PriA and Rep are required for cell viability following UV irradiation. (A) The survival of wild-type (□), priA2 (▼), priB302 (△), priC (■), rep (♢), and recA (●) cultures after UV irradiation at the indicated doses. (B) The survival of wild-type (□), priA2 (▼), and recA (●) cultures replotted on a different scale. Graphs represent averages from at least three independent experiments. Error bars represent one standard deviation. A comparison of the viability of all strains across a range of UV doses used is shown in Fig.
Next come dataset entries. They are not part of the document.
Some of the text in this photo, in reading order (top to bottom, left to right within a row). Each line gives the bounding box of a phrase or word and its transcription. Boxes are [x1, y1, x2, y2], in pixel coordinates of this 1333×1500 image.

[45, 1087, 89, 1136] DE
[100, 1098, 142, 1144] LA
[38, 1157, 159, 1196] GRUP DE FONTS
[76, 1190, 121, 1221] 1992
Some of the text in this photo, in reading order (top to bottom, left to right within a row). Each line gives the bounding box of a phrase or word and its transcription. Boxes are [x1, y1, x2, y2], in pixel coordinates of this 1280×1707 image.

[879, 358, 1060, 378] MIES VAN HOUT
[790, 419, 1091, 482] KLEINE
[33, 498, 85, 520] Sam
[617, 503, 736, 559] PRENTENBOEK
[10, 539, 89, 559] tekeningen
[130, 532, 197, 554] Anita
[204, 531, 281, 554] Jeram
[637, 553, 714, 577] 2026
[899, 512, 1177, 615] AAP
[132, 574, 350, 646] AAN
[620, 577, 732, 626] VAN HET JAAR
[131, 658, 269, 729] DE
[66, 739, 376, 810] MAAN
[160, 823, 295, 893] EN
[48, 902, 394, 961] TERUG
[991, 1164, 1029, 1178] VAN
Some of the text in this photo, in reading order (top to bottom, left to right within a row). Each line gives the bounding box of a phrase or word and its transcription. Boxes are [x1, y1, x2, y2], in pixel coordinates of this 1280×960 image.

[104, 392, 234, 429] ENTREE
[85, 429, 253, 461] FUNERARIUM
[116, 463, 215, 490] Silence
S2 in the supplemental material.

Fig 5

PriA is required for robust growth in the absence of DNA damage. (A) The OD₆₀₀ of wild-type (□), priA2 (▼), priB302 (△), priC (■), rep (♢), and recA (●) strains is plotted over time. (B) The number of viable cells in overnight cultures of wild-type, recA, priA2, priB302, priC, and rep strains is indicated in CFU × 10⁶/ml and CFU × 10⁶/OD.

Fig 6

Two models for primosome and Rep function following disruption by DNA damage. (A) A model proposing that PriA and Rep function specifically to reinitiate DNA synthesis following disruption events. (i) Following the disruption of the replication machinery (grayed circles) by DNA damage (∧), (ii) PriA or Rep functions in a reaction to transiently load DnaB and DnaG to prime the leading strand and then (iii) stably load DnaB and DnaG on the lagging strand (22, 27). (iv) The leading-strand primer allows for the de novo formation of an active replisome downstream from the site of disruption. (B) A model in which PriA and Rep are required by the replisome to maintain efficient replication. (i) Following disruption by DNA damage, the recovery of DNA synthesis requires that the lesion is either repaired (ii) or bypassed (iii) by translesion synthesis (not shown), as found in previous studies (13). (iv) Since PriA and Rep are needed to maintain replication in the absence of damage, PriA and Rep would also be required for an active replisome to be maintained once the replisome is reestablished and DNA synthesis resumes.